- What you are asked to do
In the copy, include all of the listing exactly and none of its pictures.

*** Material to process

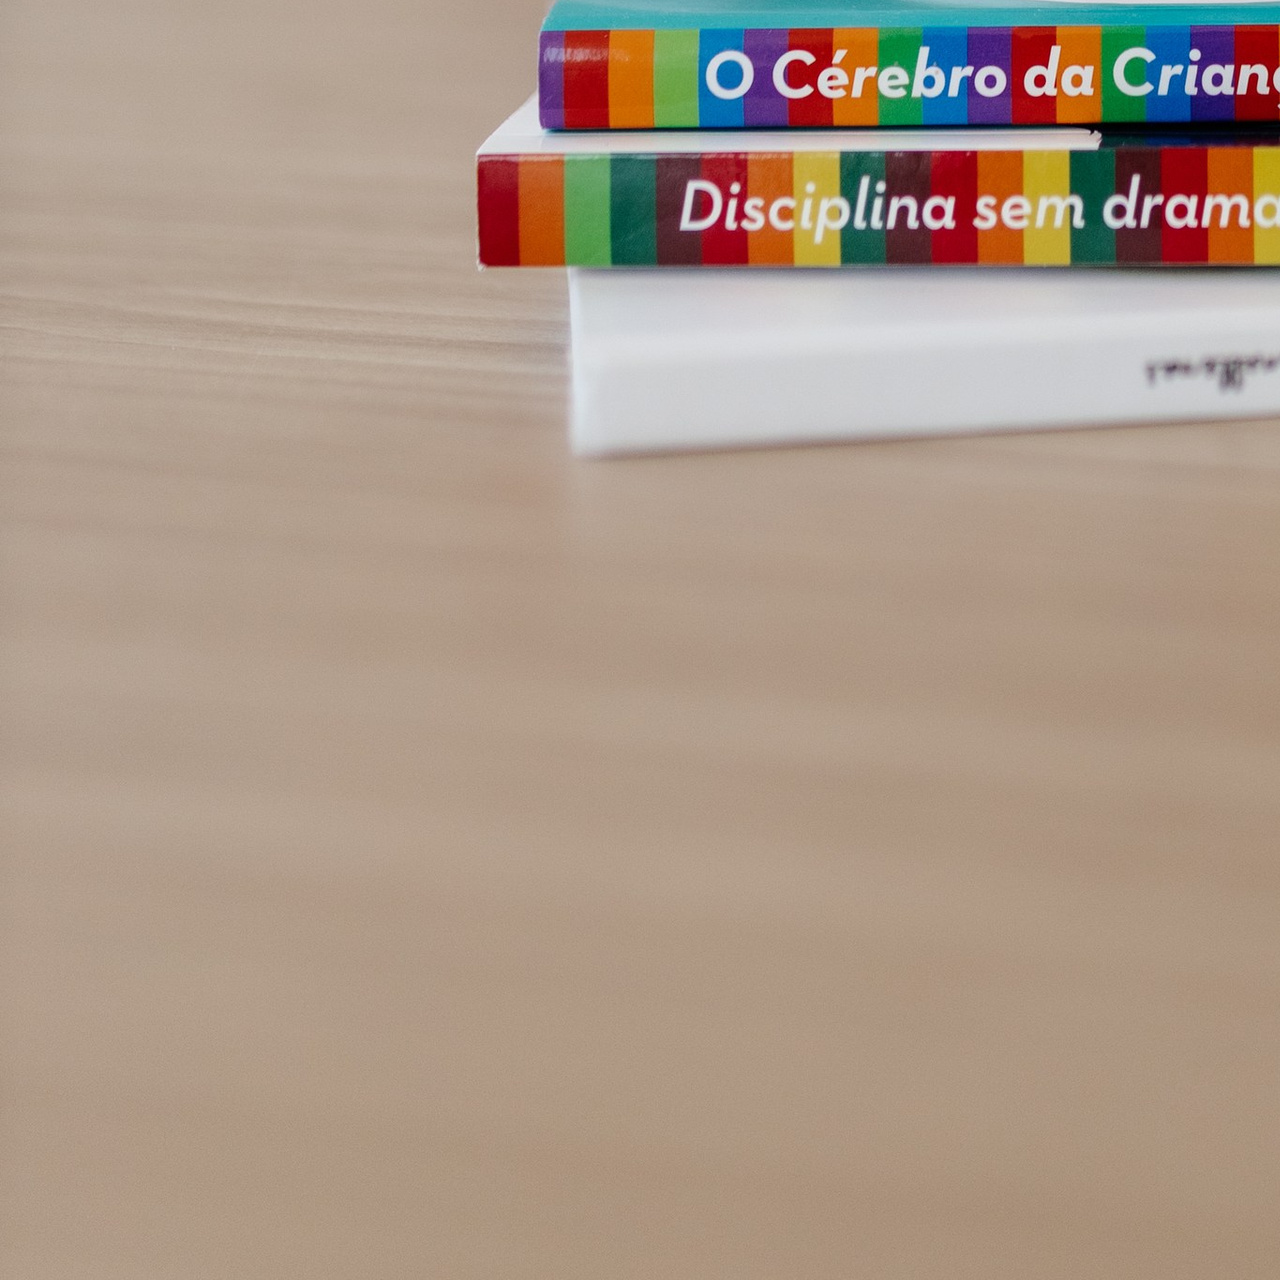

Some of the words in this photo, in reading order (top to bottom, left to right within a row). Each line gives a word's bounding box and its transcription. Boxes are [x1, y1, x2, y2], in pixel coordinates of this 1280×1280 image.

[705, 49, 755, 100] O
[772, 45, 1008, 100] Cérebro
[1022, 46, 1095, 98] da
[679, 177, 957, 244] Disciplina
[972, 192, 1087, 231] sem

******

- Output of the task
Some of the words in this photo, in reading order (top to bottom, left to right within a row). Each line gives a word's bounding box and its transcription. Boxes are [x1, y1, x2, y2], in pixel coordinates of this 1280×1280 image.

[705, 49, 755, 100] O
[772, 45, 1008, 100] Cérebro
[1022, 46, 1095, 98] da
[679, 177, 957, 244] Disciplina
[972, 192, 1087, 231] sem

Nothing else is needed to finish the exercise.